Robert Burton, a partner at the Washington law firm of Venable LLP, calls that language vague and suspects it will be interpreted broadly by contractors and challenged frequently by employees. “Any time you have mandatory re-quirements and people’s jobs are on the line, it can result in disputes of some fashion,” says Burton, who was deputy administrator of the Office of Management and Budget’s Office of Federal Procurement Policy during the Bush administration. “The language of the order will lend itself to debates about what ‘suitably’ means.”

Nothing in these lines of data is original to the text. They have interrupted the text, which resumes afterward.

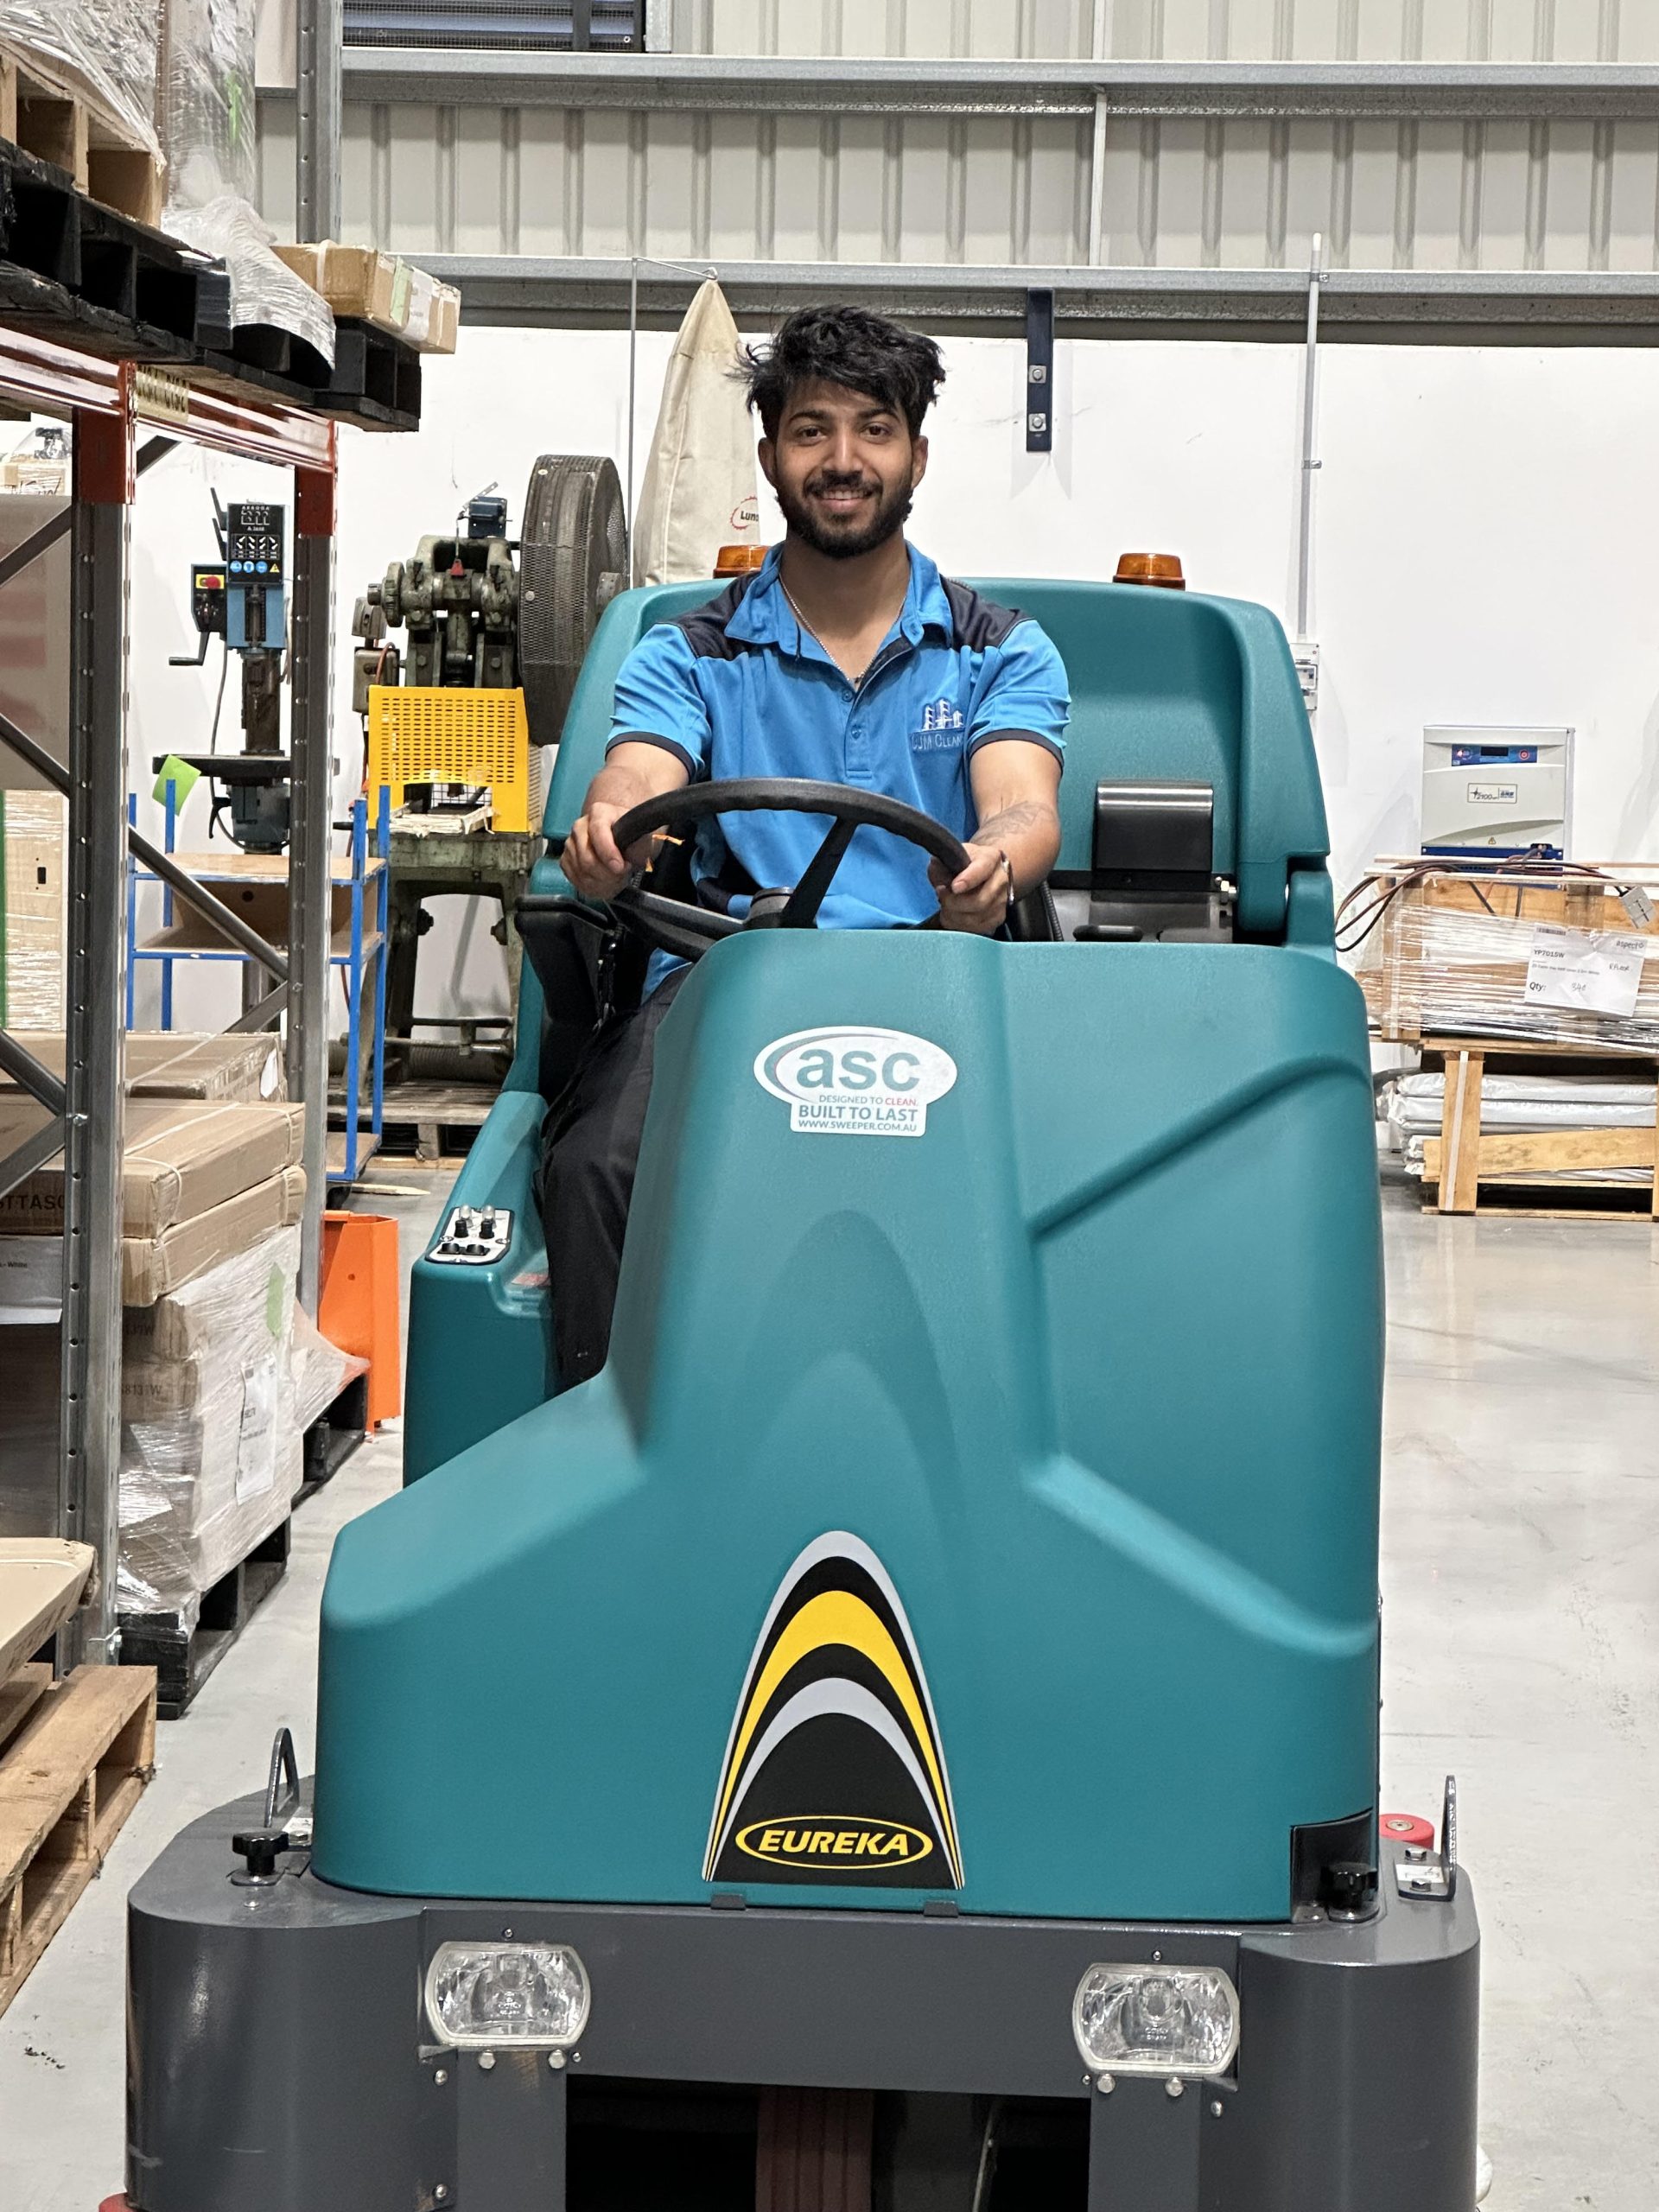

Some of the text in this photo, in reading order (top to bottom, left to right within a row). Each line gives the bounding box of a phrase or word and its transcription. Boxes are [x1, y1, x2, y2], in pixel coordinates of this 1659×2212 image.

[796, 1048, 921, 1092] asc
[819, 1094, 868, 1104] DESIGNED
[870, 1096, 883, 1105] TO
[799, 1104, 918, 1122] BUILT TO LAST
[798, 1120, 917, 1132] WWW.SWEEPER.COM.AU
[758, 1829, 909, 1856] EUREKA
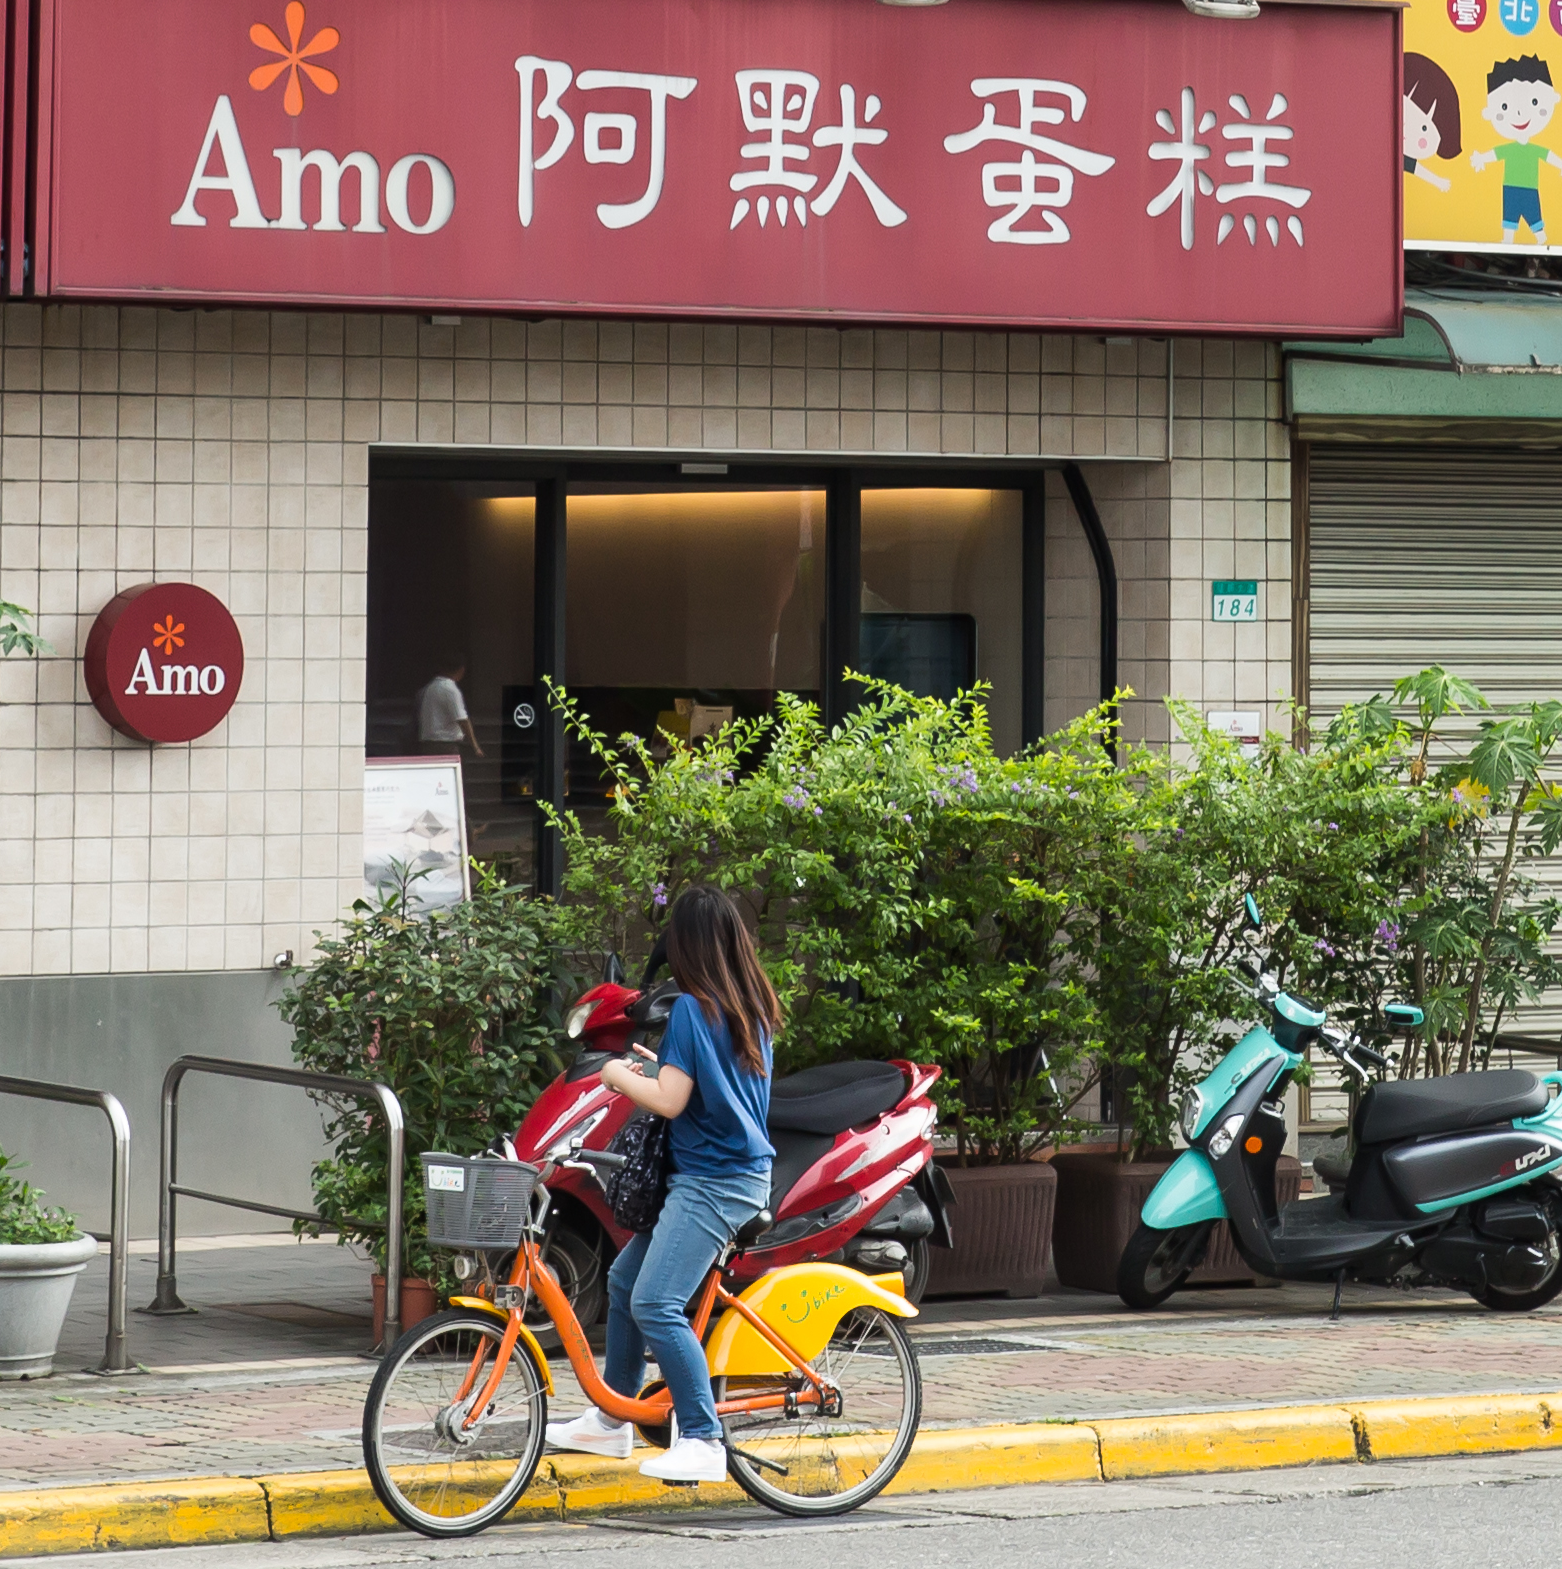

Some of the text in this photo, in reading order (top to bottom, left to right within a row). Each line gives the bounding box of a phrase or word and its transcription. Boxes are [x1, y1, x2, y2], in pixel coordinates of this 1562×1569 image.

[170, 93, 456, 235] Amo
[516, 54, 1313, 251] 阿默蛋糕
[1217, 598, 1256, 618] 184
[124, 647, 226, 696] Amo
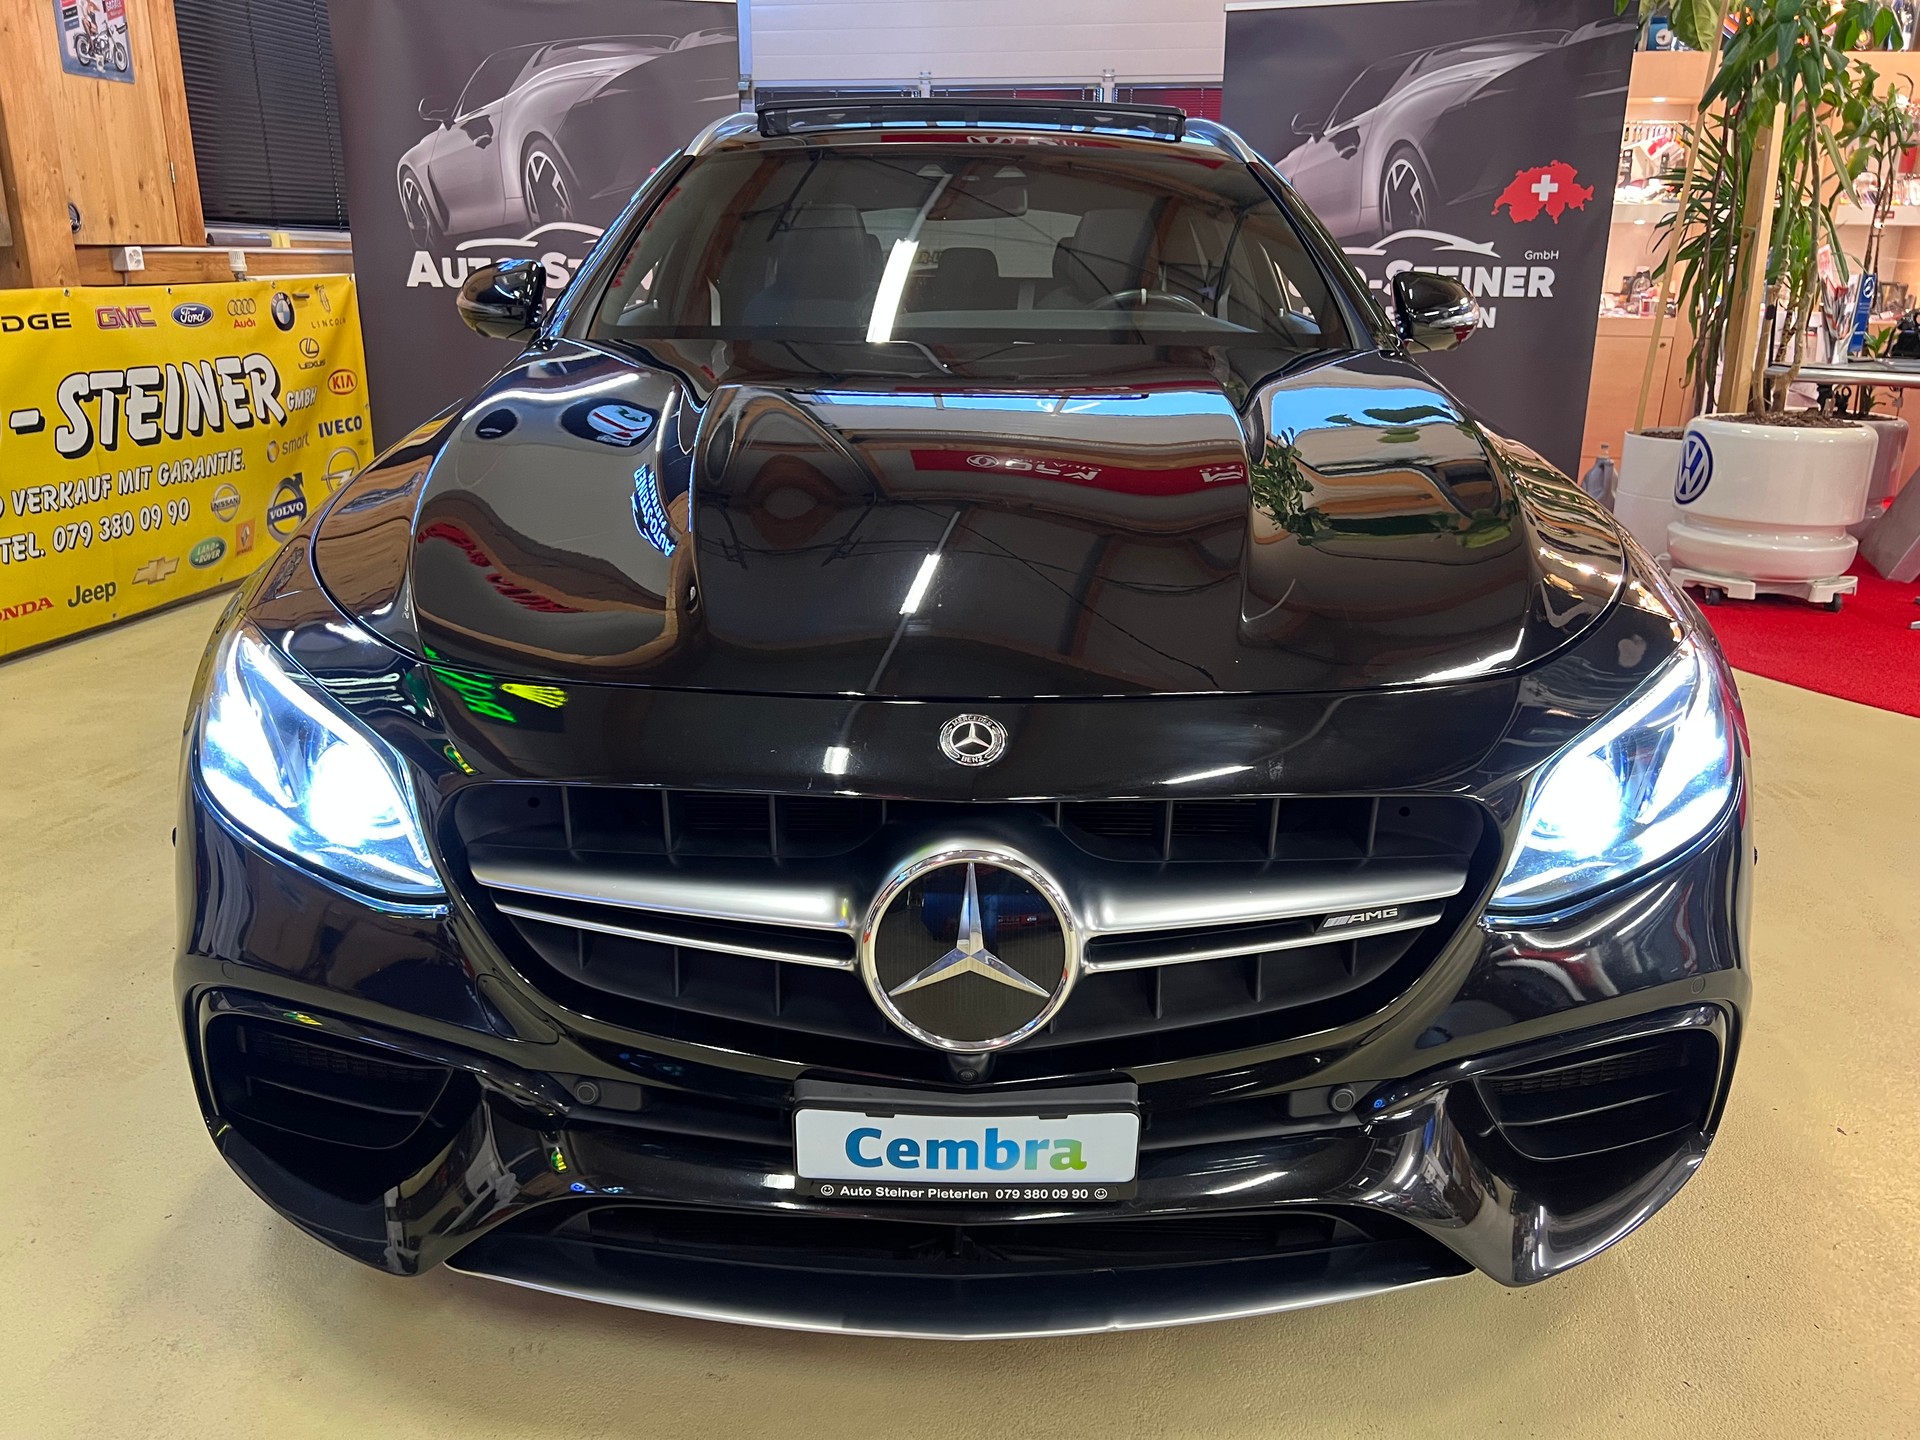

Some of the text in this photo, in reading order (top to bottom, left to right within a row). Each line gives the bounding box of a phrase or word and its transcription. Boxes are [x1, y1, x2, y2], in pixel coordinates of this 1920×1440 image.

In a statement, the Labor Department said, “A belief that an employee failed to perform suitably on the job would have to be reasonable and based upon credible information. This would be a fact-based inquiry that would have to be resolved based upon the circumstances present in individual cases. Until further regulatory guidance is developed and finalized, we are not able to comment on additional factors that might be considered in reaching these factual determinations.”

This ambiguity might not be re-solved until the end of August – the deadline for the Labor Department and the Federal Acquisition Regulatory Council to develop guidelines for interpreting the order. But the administration’s over-riding tone on acquisition policy already is becoming clear, observers say.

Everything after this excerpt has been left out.